» What you should do
The data below should be restated word for word, pictures omitted.

━━━ Stored data

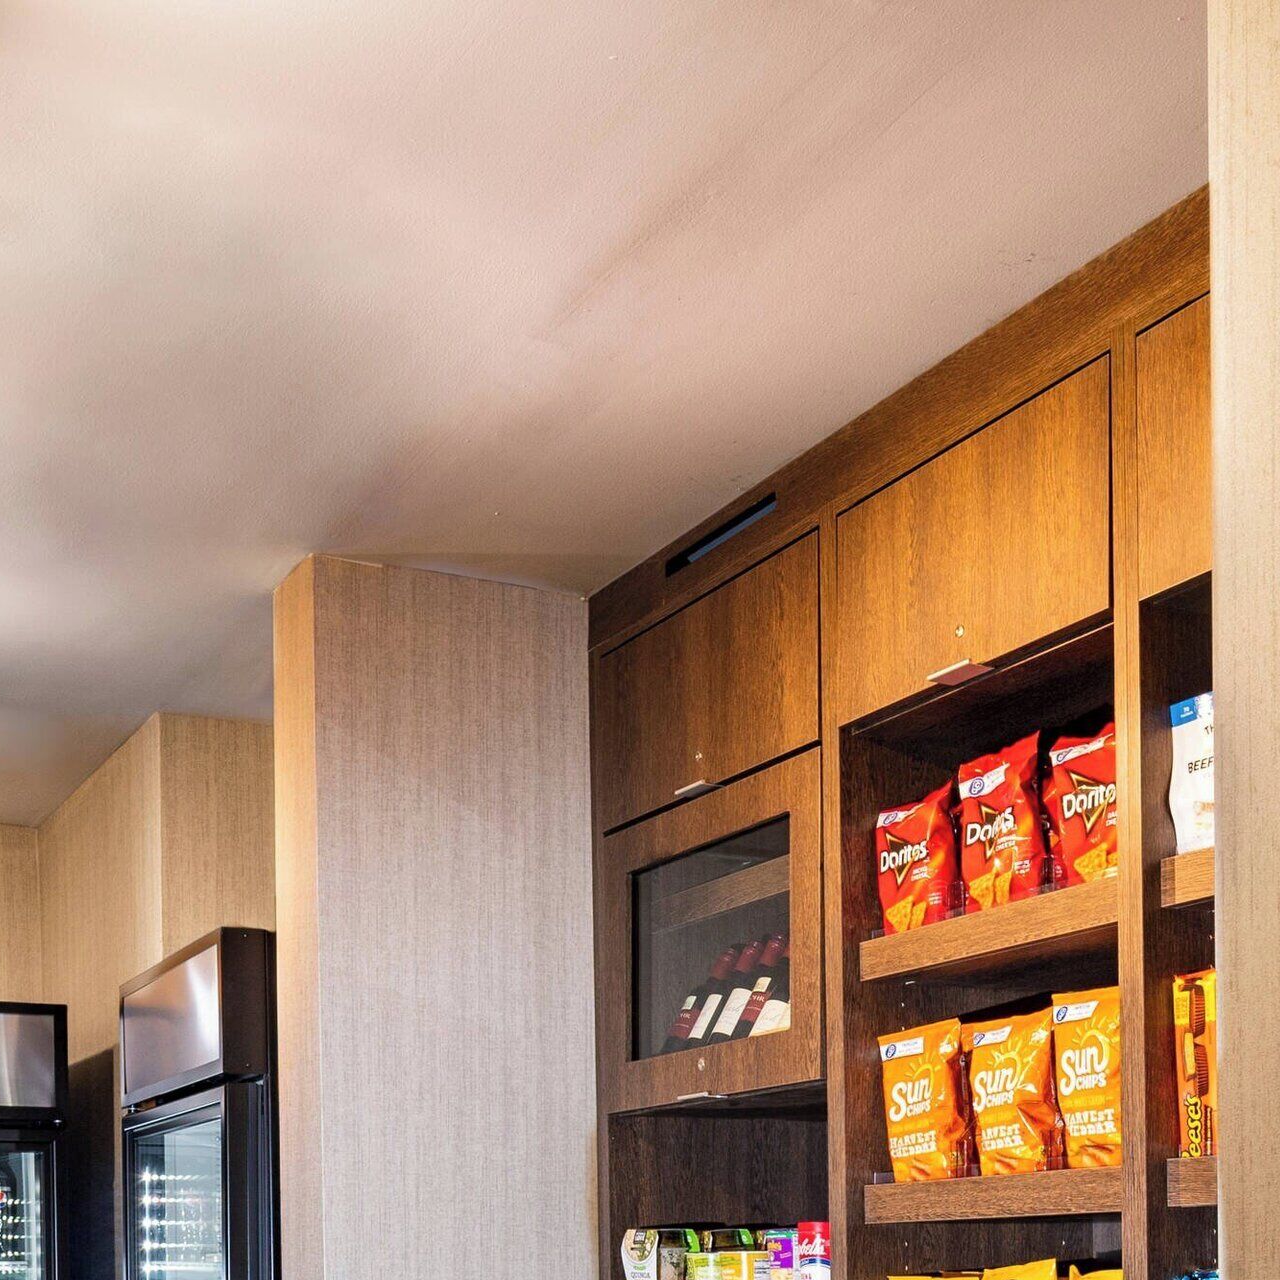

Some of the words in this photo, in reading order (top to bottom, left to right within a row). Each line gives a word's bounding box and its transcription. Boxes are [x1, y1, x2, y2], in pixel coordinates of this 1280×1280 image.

[1187, 756, 1214, 774] BEEF
[880, 839, 929, 873] Doritos
[1060, 1045, 1109, 1096] Sun
[972, 1065, 1019, 1113] Sun
[1074, 1074, 1107, 1090] CHIPS
[889, 1076, 932, 1122] Sun
[986, 1090, 1015, 1106] CHIPS
[906, 1102, 932, 1117] CHIPS
[889, 1130, 937, 1149] HARVEST
[982, 1123, 1021, 1141] ARVEST
[891, 1142, 937, 1159] CHEDDAR
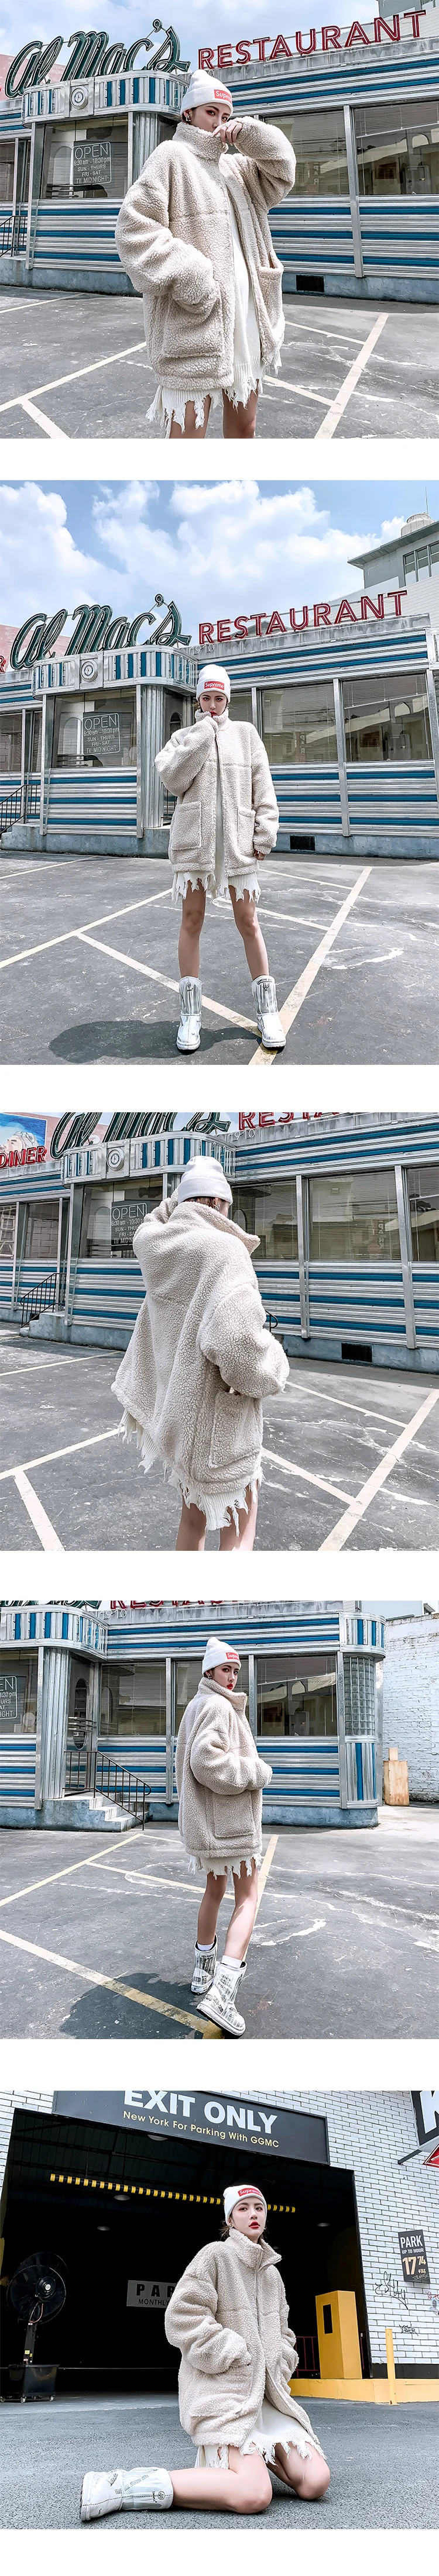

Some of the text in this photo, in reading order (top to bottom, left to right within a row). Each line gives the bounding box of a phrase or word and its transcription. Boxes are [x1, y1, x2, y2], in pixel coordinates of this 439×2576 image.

[198, 9, 427, 70] RESTAURANT
[75, 143, 108, 160] OPEN
[198, 589, 407, 644] RESTAURANT
[190, 643, 214, 655] 1910
[84, 714, 117, 730] OPEN
[228, 1129, 255, 1141] 1910
[0, 1146, 46, 1168] DINER
[112, 1205, 145, 1220] OPEN
[100, 1609, 126, 1619] 1910
[124, 2091, 277, 2134] EXIT ONLY
[123, 2111, 279, 2147] New York For Parking With GGMC
[400, 2235, 423, 2248] PARK
[402, 2256, 417, 2275] 17

━━━━━━

» Exercise output
Some of the words in this photo, in reading order (top to bottom, left to right within a row). Each line gives a word's bounding box and its transcription. Boxes are [x1, y1, x2, y2], in pixel coordinates of this 1280×1280 image.

[1187, 756, 1214, 774] BEEF
[880, 839, 929, 873] Doritos
[1060, 1045, 1109, 1096] Sun
[972, 1065, 1019, 1113] Sun
[1074, 1074, 1107, 1090] CHIPS
[889, 1076, 932, 1122] Sun
[986, 1090, 1015, 1106] CHIPS
[906, 1102, 932, 1117] CHIPS
[889, 1130, 937, 1149] HARVEST
[982, 1123, 1021, 1141] ARVEST
[891, 1142, 937, 1159] CHEDDAR

Some of the text in this photo, in reading order (top to bottom, left to right within a row). Each line gives the bounding box of a phrase or word and its transcription. Boxes are [x1, y1, x2, y2], in pixel coordinates of this 439×2576 image.

[198, 9, 427, 70] RESTAURANT
[75, 143, 108, 160] OPEN
[198, 589, 407, 644] RESTAURANT
[190, 643, 214, 655] 1910
[84, 714, 117, 730] OPEN
[228, 1129, 255, 1141] 1910
[0, 1146, 46, 1168] DINER
[112, 1205, 145, 1220] OPEN
[100, 1609, 126, 1619] 1910
[124, 2091, 277, 2134] EXIT ONLY
[123, 2111, 279, 2147] New York For Parking With GGMC
[400, 2235, 423, 2248] PARK
[402, 2256, 417, 2275] 17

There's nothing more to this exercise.